Laboratoire de Synthèse et Biocatalyse Organique, Département de Chimie, Faculté des Sciences, Université Badji Mokhtar Annaba, Annaba, Algeria.
Laboratoire Bioinformatique, Centre de Recherche en Biotechnologie (CRBt), Constantine, Algeria.
Chem Biol Drug Des. 2020 Sep;96(3):961-972. doi: 10.1111/cbdd.13742.

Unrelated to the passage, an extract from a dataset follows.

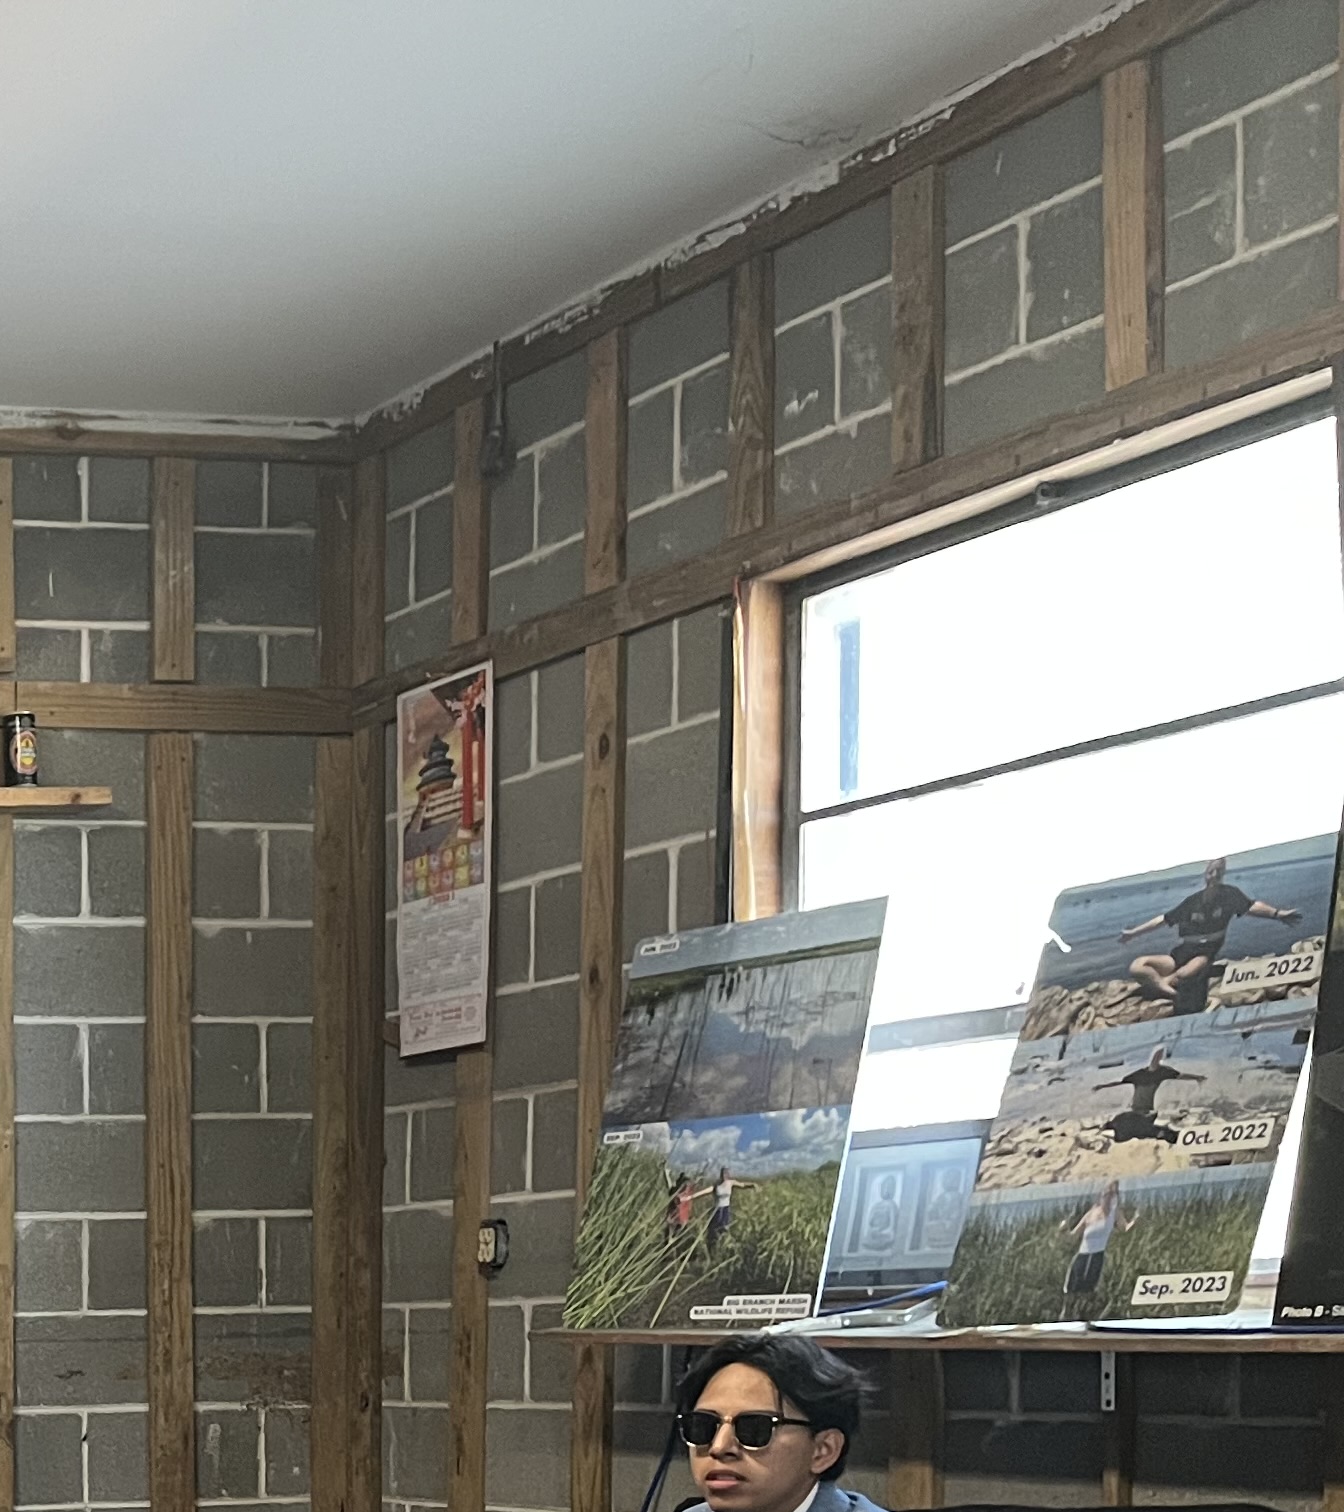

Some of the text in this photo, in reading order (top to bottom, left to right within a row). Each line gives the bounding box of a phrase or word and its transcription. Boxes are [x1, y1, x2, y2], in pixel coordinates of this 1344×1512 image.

Over the past decade, rapid development in biological and chemical technologies such as high-throughput screening, parallel synthesis, has been significantly increased the amount of data, which requires the creation and the integration of new analytical methods, especially deep learning models. Recently, there is an increasing interest in deep learning utilization in computer-aided drug discovery due to its exceptional successful application in many fields. The present work proposed a natural language processing approach, based on embedding deep neural networks. Our method aims to transform the Simplified Molecular Input Line Entry System format into word embedding vectors to represent the semantics of compounds. These vectors are fed into supervised machine learning algorithms such as convolutional long short-term memory neural network, support vector machine, and random forest to build up quantitative structure-activity relationship models on toxicity data sets. The obtained results on toxicity data to the ciliate Tetrahymena pyriformis (IGC ), and acute toxicity rat data expressed as median lethal dose of treated rats (LD ) show that our approach can eventually be used to predict the activities of chemical compounds efficiently. All material used in this study is available online through the GitHub portal (https://github.com/BoukeliaAbdelbasset/NLPDeepQSAR.git).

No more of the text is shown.